▶ [Work to complete] What follows is a set of records; repeat them exactly, without the pictures.
Data provided START
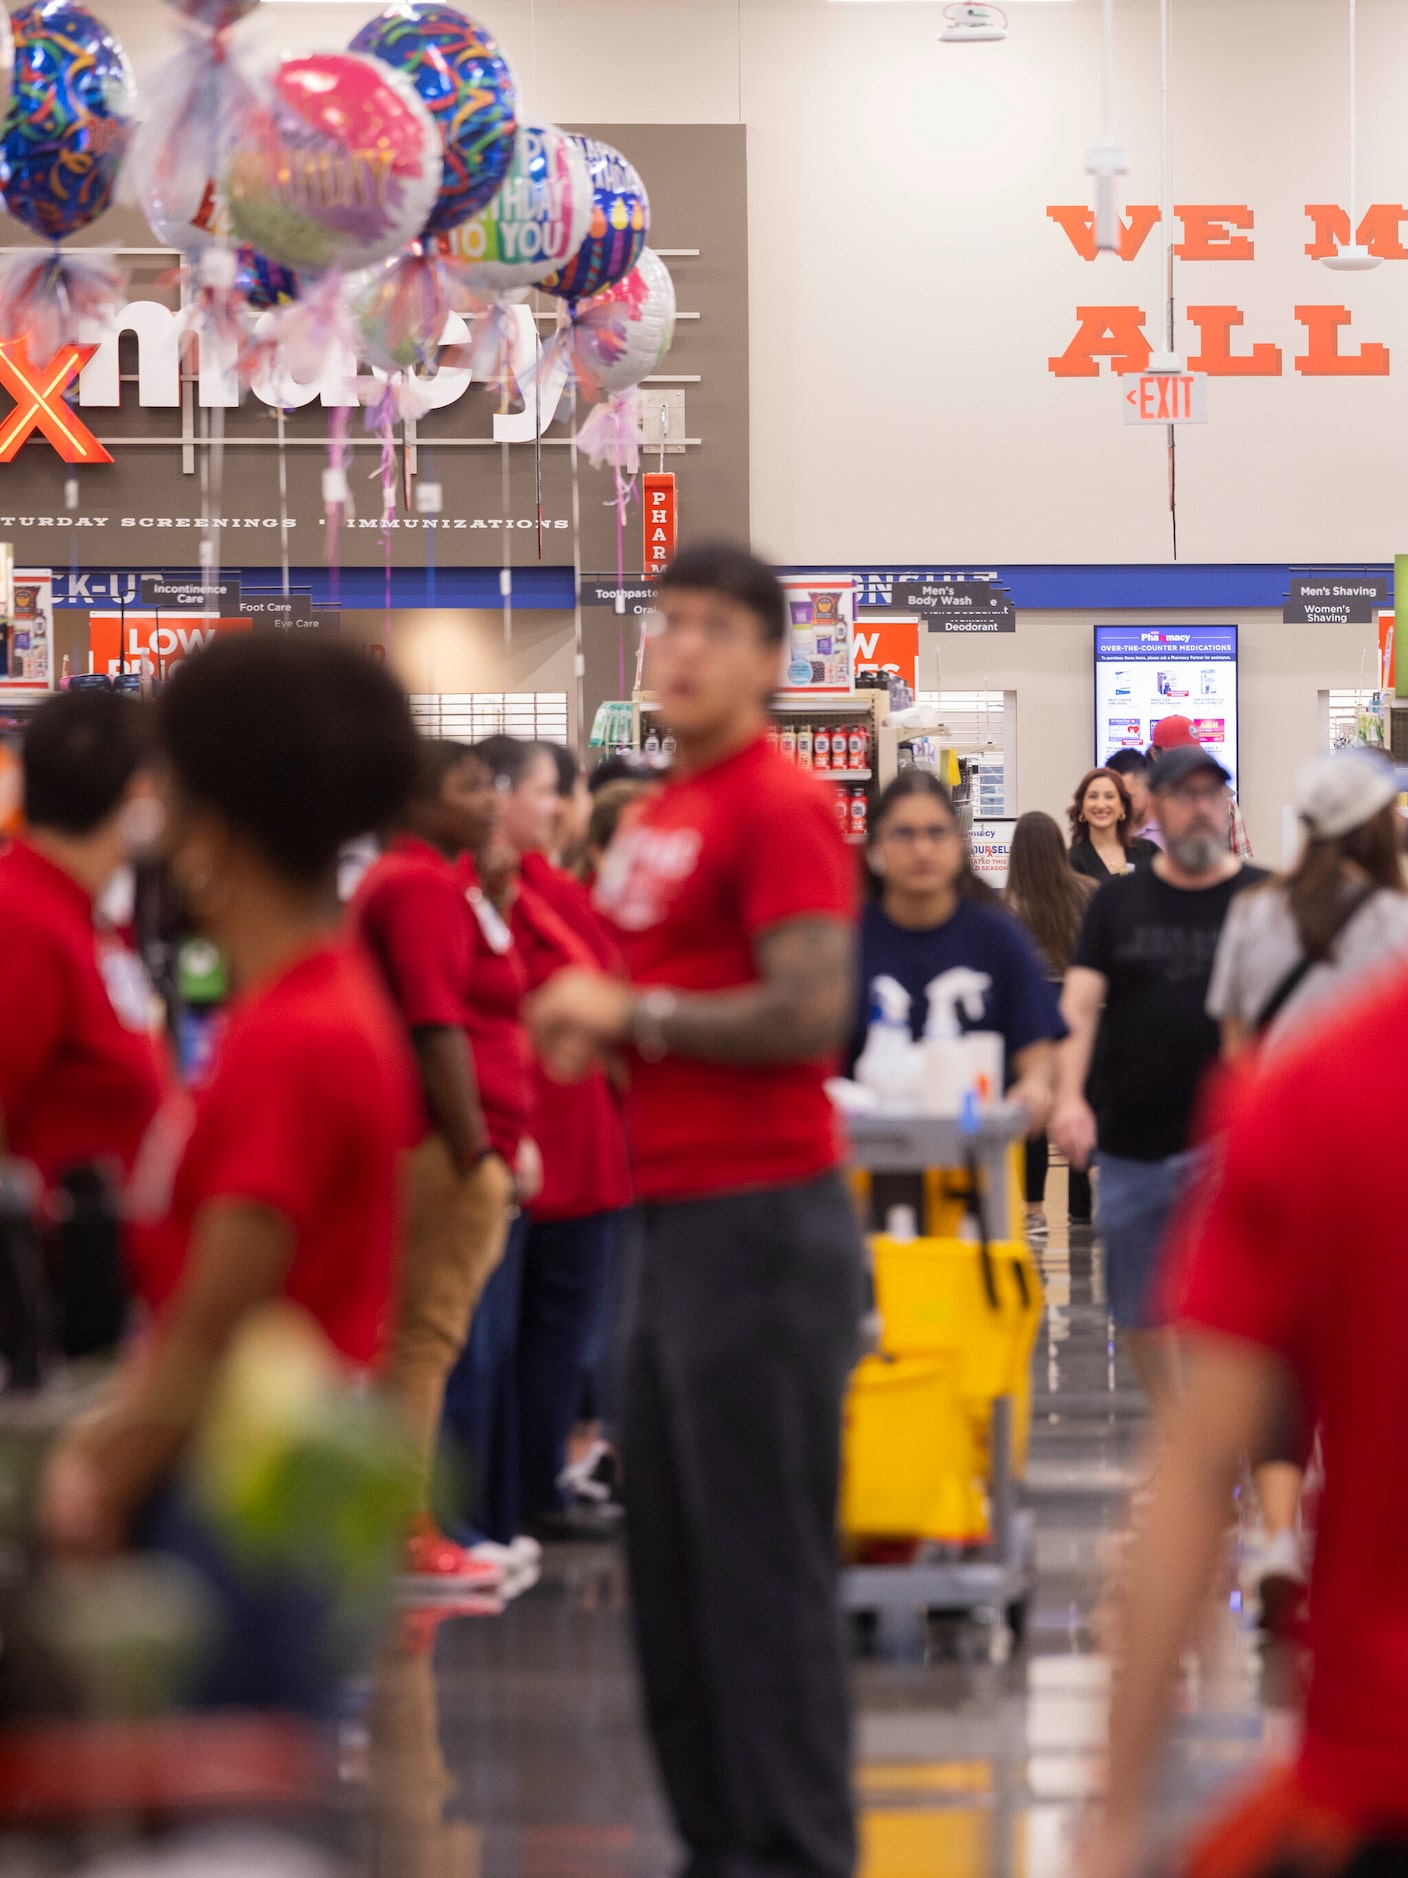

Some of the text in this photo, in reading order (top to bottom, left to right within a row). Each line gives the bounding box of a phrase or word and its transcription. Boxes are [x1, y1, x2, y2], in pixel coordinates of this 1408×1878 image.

[1046, 204, 1255, 262] WE
[500, 221, 565, 258] YOU
[1048, 304, 1390, 378] ALL
[1139, 376, 1195, 419] EXIT
[120, 517, 297, 528] SCREENINGS
[347, 518, 569, 529] IMMUNIZATIONS
[153, 583, 228, 595] Incontinence
[922, 586, 955, 596] Men's
[1300, 586, 1377, 598] Men's Shaving
[176, 594, 205, 604] Care
[907, 595, 973, 607] Body Wash
[239, 602, 292, 613] Foot Care
[1304, 604, 1351, 614] Women's
[274, 619, 320, 629] Eye Care
[1307, 613, 1348, 624] Shaving
[945, 622, 998, 632] Deodorant
[128, 628, 216, 656] LOW
[1100, 644, 1232, 652] OVER-THE-COUNTER MEDICATIONS
Data provided END
▶ [Exercise output]
Some of the text in this photo, in reading order (top to bottom, left to right within a row). Each line gives the bounding box of a phrase or word and its transcription. Boxes are [x1, y1, x2, y2], in pixel coordinates of this 1408×1878 image.

[1046, 204, 1255, 262] WE
[500, 221, 565, 258] YOU
[1048, 304, 1390, 378] ALL
[1139, 376, 1195, 419] EXIT
[120, 517, 297, 528] SCREENINGS
[347, 518, 569, 529] IMMUNIZATIONS
[153, 583, 228, 595] Incontinence
[922, 586, 955, 596] Men's
[1300, 586, 1377, 598] Men's Shaving
[176, 594, 205, 604] Care
[907, 595, 973, 607] Body Wash
[239, 602, 292, 613] Foot Care
[1304, 604, 1351, 614] Women's
[274, 619, 320, 629] Eye Care
[1307, 613, 1348, 624] Shaving
[945, 622, 998, 632] Deodorant
[128, 628, 216, 656] LOW
[1100, 644, 1232, 652] OVER-THE-COUNTER MEDICATIONS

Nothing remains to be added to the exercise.